Isabel Ventura, depois de estudar os objetivos e a linguagem de cinco blogs femininos portugueses afirma que os diários virtuais:

São atos políticos porque contam, partilham e reivindicam um determinado espaço que assume uma identidade de gênero. Não se pode dizer que as mulheres têm um papel mais intimista do que os homens. Não há grandes distinções, mas sim, motivações individuais. Usam os blogs para assumir um papel político, ainda que inconsciente, ao adotarem uma posição. No fundo é uma forma de dar recados, de comunicar. O blog hoje é um acesso a um espaço público que, apesar de ser limitado, é ilimitado ao mesmo tempo. (VENTURA apud OLIVEIRA, 2009, p.65)

Para as mulheres, depois de séculos de repressão, de apagamento, a internet tem sabor de libertação. Lobo (2007) afirma ainda que a caligrafia caprichada dos diários antigos, que tanto orgulhava as famílias burguesas, foi substituída por uma escrita apressada, digitada noite adentro.

“Weblogs constituem uma conversação massivamente descentralizada onde milhões de autores escrevem para a sua própria audiência” (MARLOW, 2004, p.3). É possível afirmar que a liberdade da internet possibilita a constituição de identidades autorais. As mulheres se tornam autoras na medida em que encontram na internet um lugar de escrita e de publicação, além de uma audiência com a qual dialogam.
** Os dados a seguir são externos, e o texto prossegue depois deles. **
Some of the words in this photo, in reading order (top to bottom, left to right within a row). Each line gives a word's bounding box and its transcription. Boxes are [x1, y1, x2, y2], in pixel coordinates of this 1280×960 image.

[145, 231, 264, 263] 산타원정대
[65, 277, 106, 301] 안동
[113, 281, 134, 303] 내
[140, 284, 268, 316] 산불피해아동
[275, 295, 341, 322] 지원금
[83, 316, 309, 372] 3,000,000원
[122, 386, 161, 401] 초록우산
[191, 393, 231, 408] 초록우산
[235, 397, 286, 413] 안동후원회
Mesmo que estejam em suas casas, à noite, após um dia de trabalho ou de dedicação aos afazeres domésticos, ela consegue, pela tela do computador, ir a outros lugares. Surge a figura de uma escritora que pode pertencer a diferentes camadas sociais e, assim, se expressar a partir de diferentes ‘locais e qualidades’ de escrita. “A hipertextualidade arranca a escritora do mundo privado do diário tradicional e a lança no meio público-privado do blog. Nessa travessia do espaço local para o sideral, há também uma mudança ideológica e política” (LOBO, 2007, p.71). Na esfera política, poderíamos dizer que não há uma modalidade de escrita privilegiada. Todas as escritas ganham espaço na virtualidade. Esta virtude da virtualidade permite que em qualquer lugar do mundo, a partir de todos os lugares sociais, homens e mulheres minimamente alfabetizados ou com alto grau de escolaridade, possam tecer e publicar autonarrativas virtuais.
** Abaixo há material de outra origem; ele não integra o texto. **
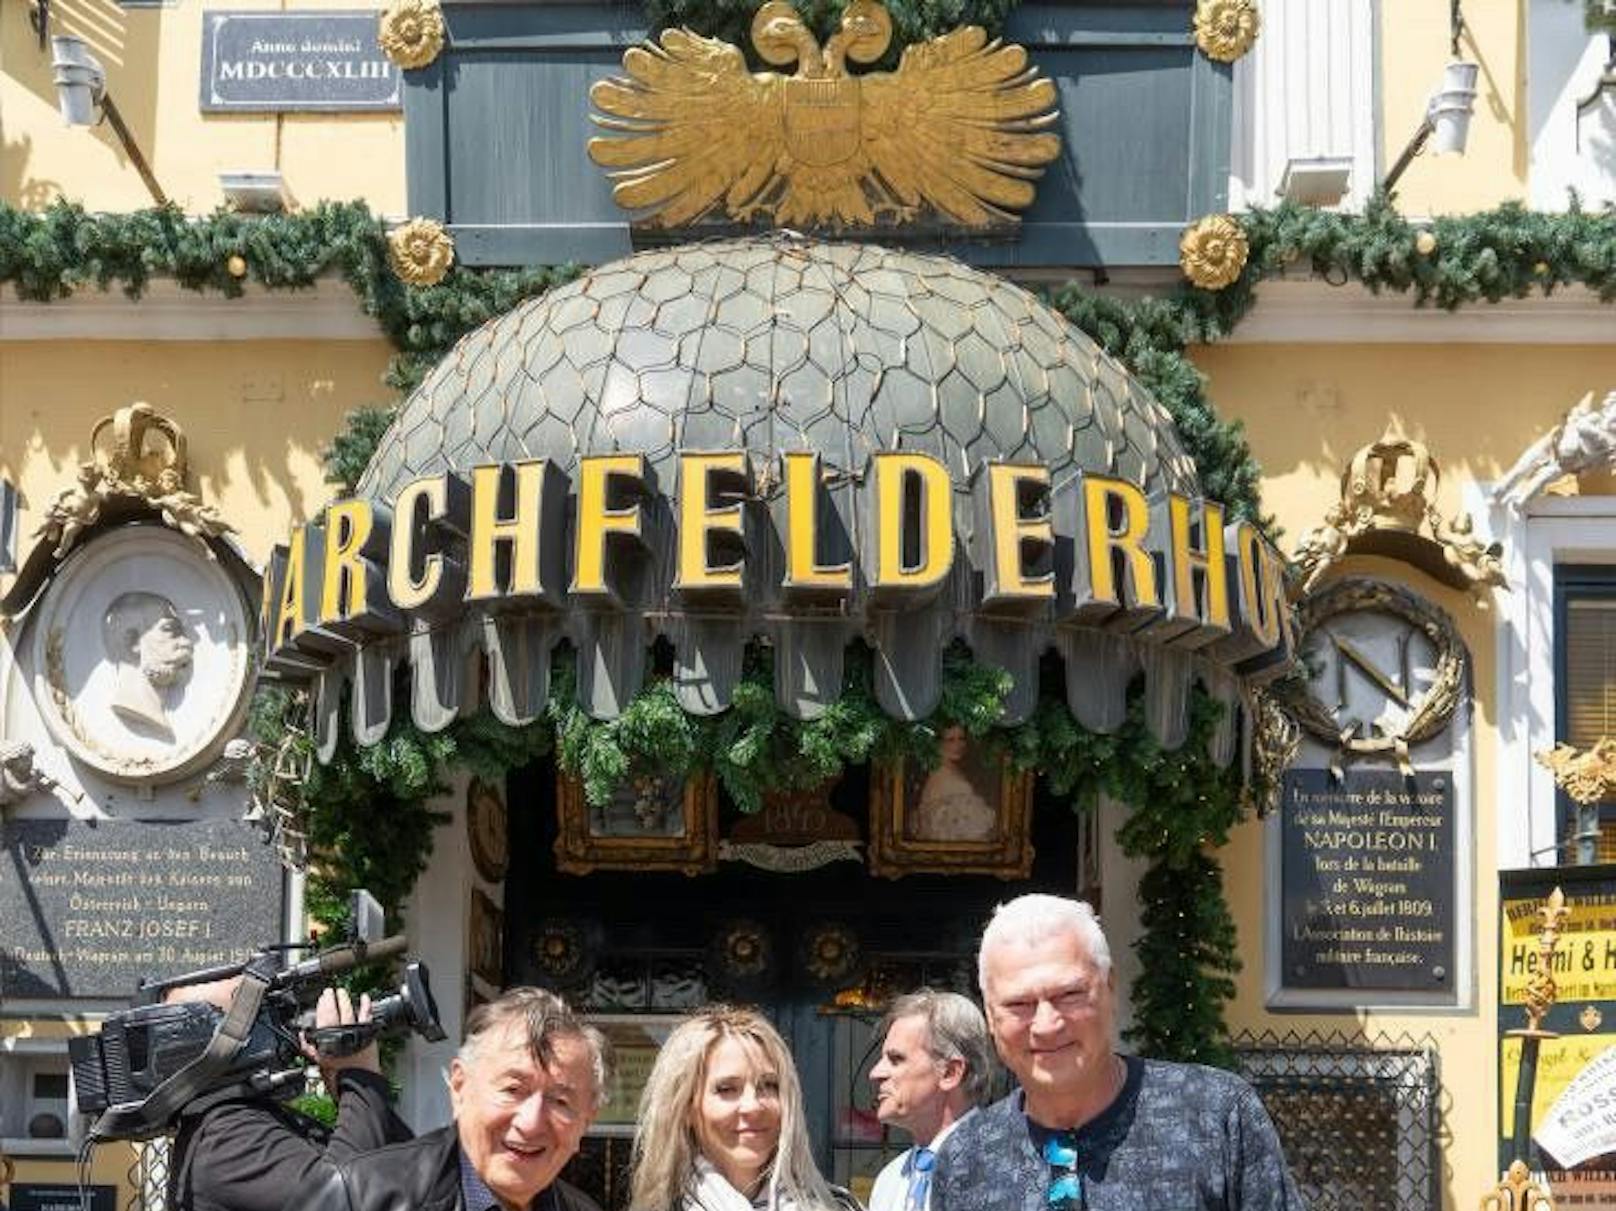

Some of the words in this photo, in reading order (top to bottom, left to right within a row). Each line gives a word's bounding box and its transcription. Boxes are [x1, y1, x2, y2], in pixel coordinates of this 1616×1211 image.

[64, 920, 133, 938] FRANZ
[137, 920, 200, 938] JOSEF
[1510, 941, 1573, 975] Hemi
Na virtualidade, a mulher escreve em primeira pessoa. É autora de textos com os 'erros e acertos' que somente a escrita identitária contém. A autenticidade "[...] a autenticidade [...] não se pode lê-la superficialmente porque ela se revela em detalhes que os olhos não captam com facilidade” (ALVAREZ, 2006, p.106). Assim, a superfície do 'erro' é a matéria do jornalismo e das Belas Letras. A profundidade dele se remete à linguagem naturalizada que traz as marcas da existência de quem a escreveu. A linguagem dos blogs (BLOOD, 2000) atribui uma voz distinta e uma personalidade aos

diários virtuais e aos seus autores. Em busca desta voz que se revela através da escrita é que se dá a análise comparativa do próximo capítulo.